Il caso nel Bassanese sembra isolato e soprattutto di provenienza estera quindi sottoposto a isolamento e a tracciamento immediato.
Si tratta del primo caso in Veneto di variante indiana del Coronavirus ed è stata isolata in un uomo e sua figlia residenti a Villaverla, nei pressi di Bassano del Grappa (Vicenza).
La conferma è giunta da Antonia Ricci direttrice dell’Istituto Zooprofilattico delle Venezie, che sta effettuando il sequenziamento dei ceppi del virus.
I due sono entrati subito in quarantena al loro arrivo dall’India a metà aprile.
I due casi sospetti nel Veneziano, invece, che paiono riferiti a due cittadini del Bangladesh, non sono ancora confermati.
La Variante Indiana è la mutazione più temibile di questi giorni ma in realtà si dovrebbe parlare di due ‘sorvegliate speciali’.
Sono due infatti le mutazioni individuate sulla forma più diffusa della variante indiana del virus sarsCoV2.

Sono molti i laboratori, anche in Italia, che le stanno studiando, ricostruendone la struttura 3D, mentre altri ottengono le sequenze e le confrontano.
A destare tutto questo interesse è il sospetto che, alla luce del dilagare dell’infezione in India, la colpevole della rapidissima diffusione del virus sia proprio questa variante appena individuata.
Ci si chiede anche se non abbia abbastanza forza per soppiantare quella inglese, attualmente la più diffusa. “Stiamo studiando la struttura 3D delle due mutazioni per vedere se sono connesse e se l’una aiuta l’altra”, ha detto Massimo Ciccozzi, direttore del laboratorio di Statistica medica ed Epidemiologia molecolare dell’Università Campus Bio-medico di Roma.
La variante che si sta studiando si chiama B.1.617 ed è comparsa in India nell’ottobre 2020 con la variante B.1.618, che sembrerebbe meno aggressiva.
A complicare la situazione c’è il fatto che la B.1.617 ha già una ‘famiglia’, i cui membri sono le tre versioni chiamate B.1.617.1, B.1.617.2 e B.1.617.3.
Di queste “soltanto la 1 e la 3 hanno la doppia mutazione”, spiega Gianguglielmo Zehender ordinario di Igiene dell’Università Statale di Milano.

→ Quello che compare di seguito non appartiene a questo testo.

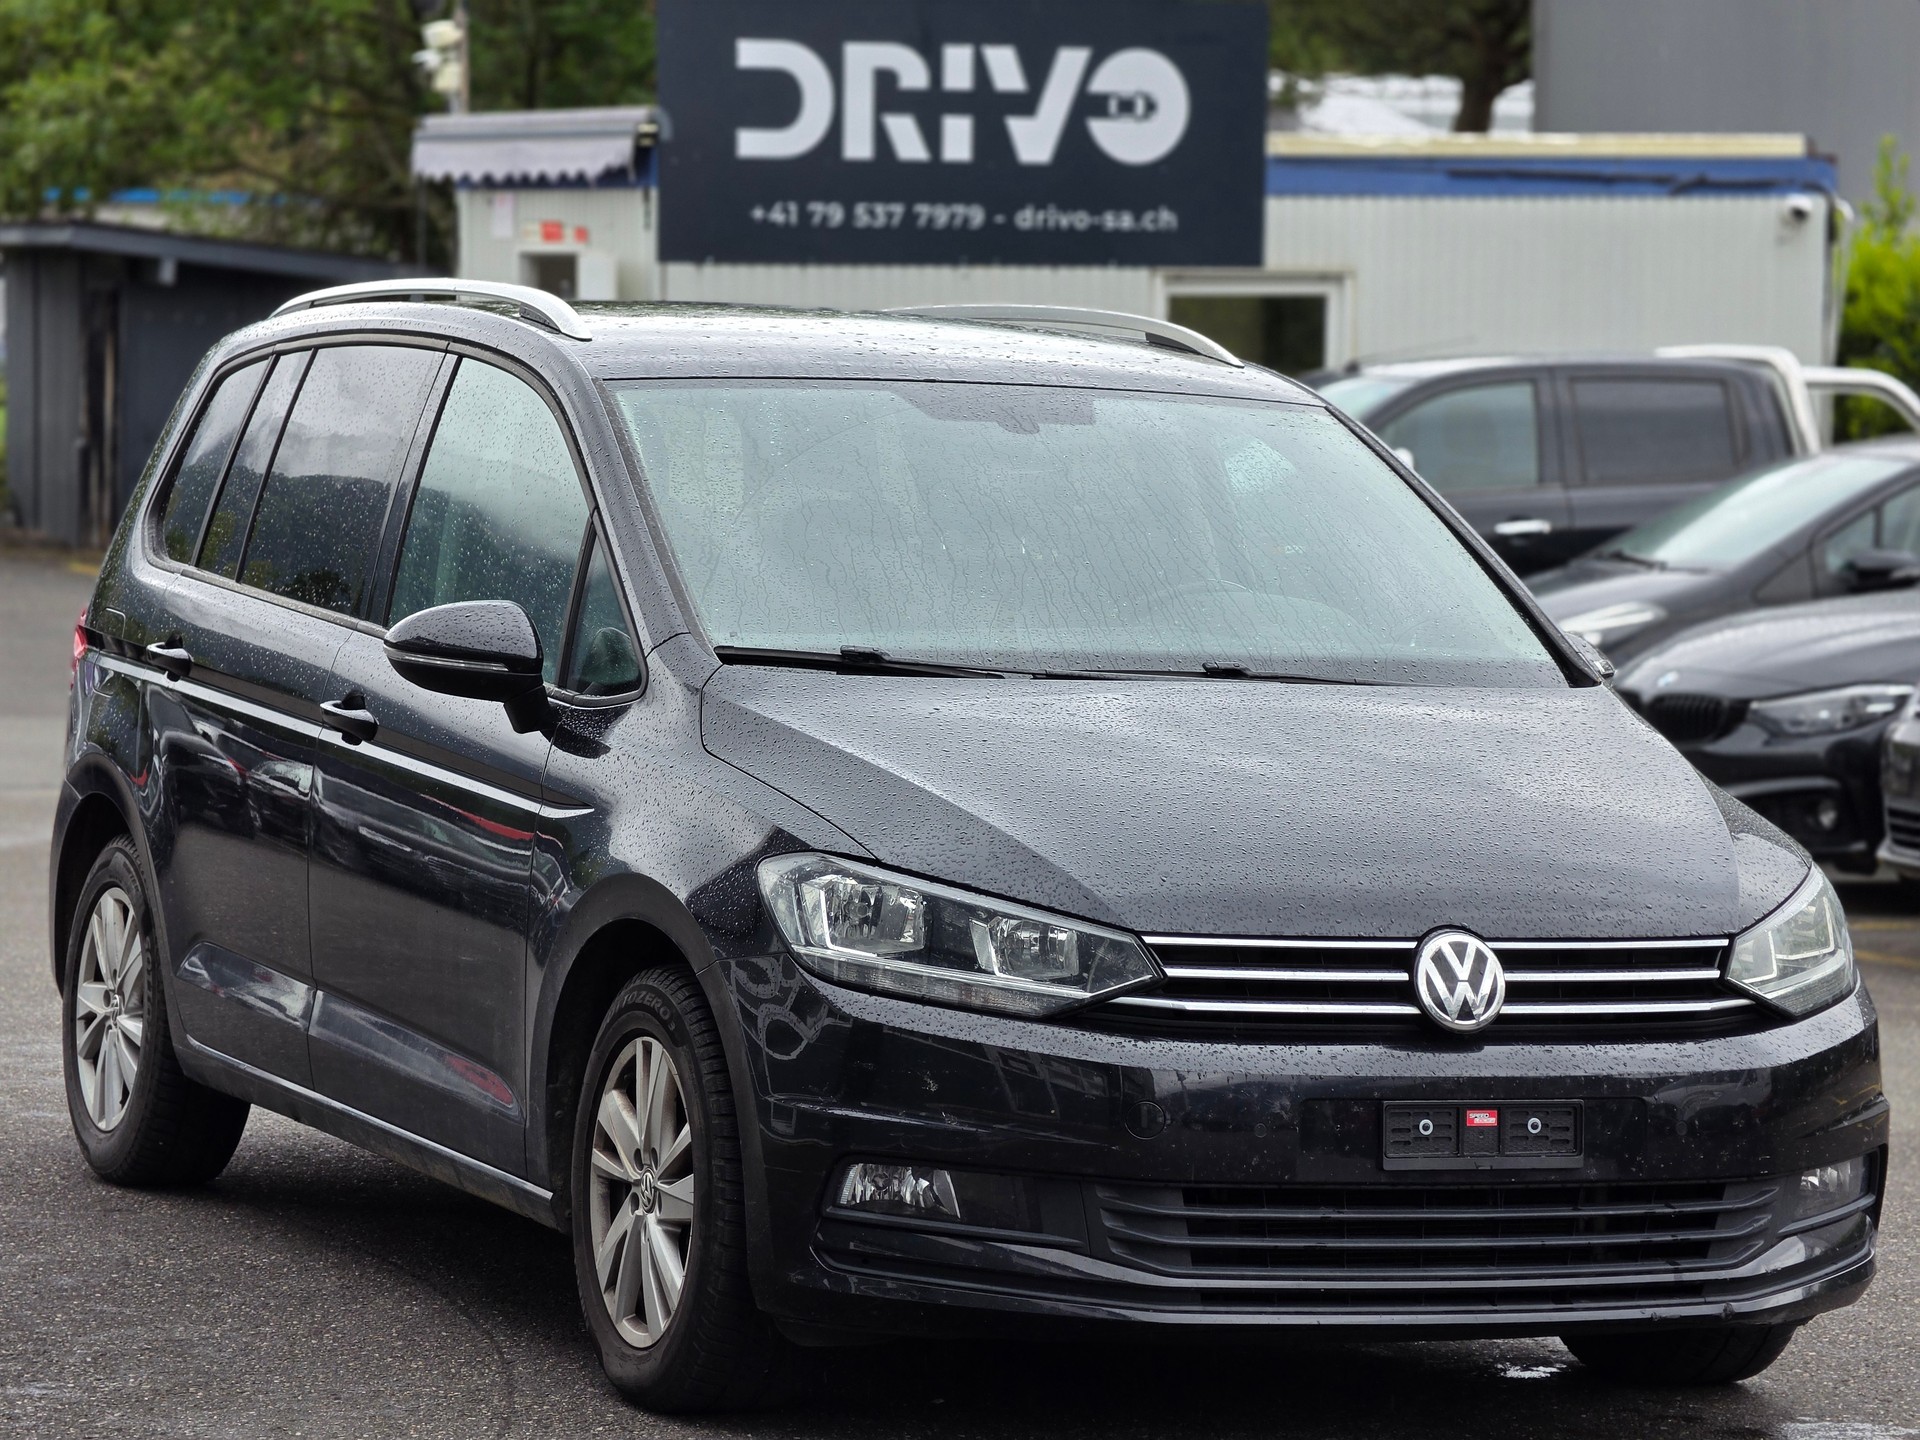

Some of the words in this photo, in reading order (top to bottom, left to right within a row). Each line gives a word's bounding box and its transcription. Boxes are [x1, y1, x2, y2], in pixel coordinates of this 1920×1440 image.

E’ dunque su queste due ‘varianti della variante’ che si sta concentrando l’attenzione degli esperti.
Le mutazioni che stanno studiando sono la E 484 Q, presente nelle varianti brasiliana (P.1) e sudafricana (B.1.351.V2), e la L 452 R, descritta nella variante californiana (B.1.429).
Della prima si sa che “è in grado di sfuggire agli anticorpi, sia a quelli prodotti dal vaccino, sia a quelli generati da chi è guarito” e si sospetta che l’associazione con la L 452 R potrebbe potenziarne l’effetto”, osserva il virologo Francesco Broccolo, dell’Università di Milano Bicocca.
La variante B.1.617 è stata segnalata finora in una ventina di Paesi ed è quella dei due casi accertati in Italia.

Quello che è certo è che non è la prima variante a fare la sua comparsa e non sarà l’ultima.
Le strade per difendersi sono almeno tre e vengono ribadite:
– la prima è continuare a seguire le misure di prevenzione, dalla mascherina al distanziamento;
– la seconda è accelerare le campagne di vaccinazione;
– la terza è fare le sequenze genetiche del virus.

“La nostra capacità di monitorare le varianti ha una sensibilità bassissima”, ha rilevato il microbiologo Andrea Crisanti, dell’Università di Padova, intervenuto a ‘Buongiorno’, su Sky TG24.
“Non sappiamo qual è il repertorio delle varianti in Italia, facciamo un test parziale, una volta ogni 15-20 giorni, su un campione molto limitato e su pezzi del virus estremamente limitati: va cambiata la strategia”.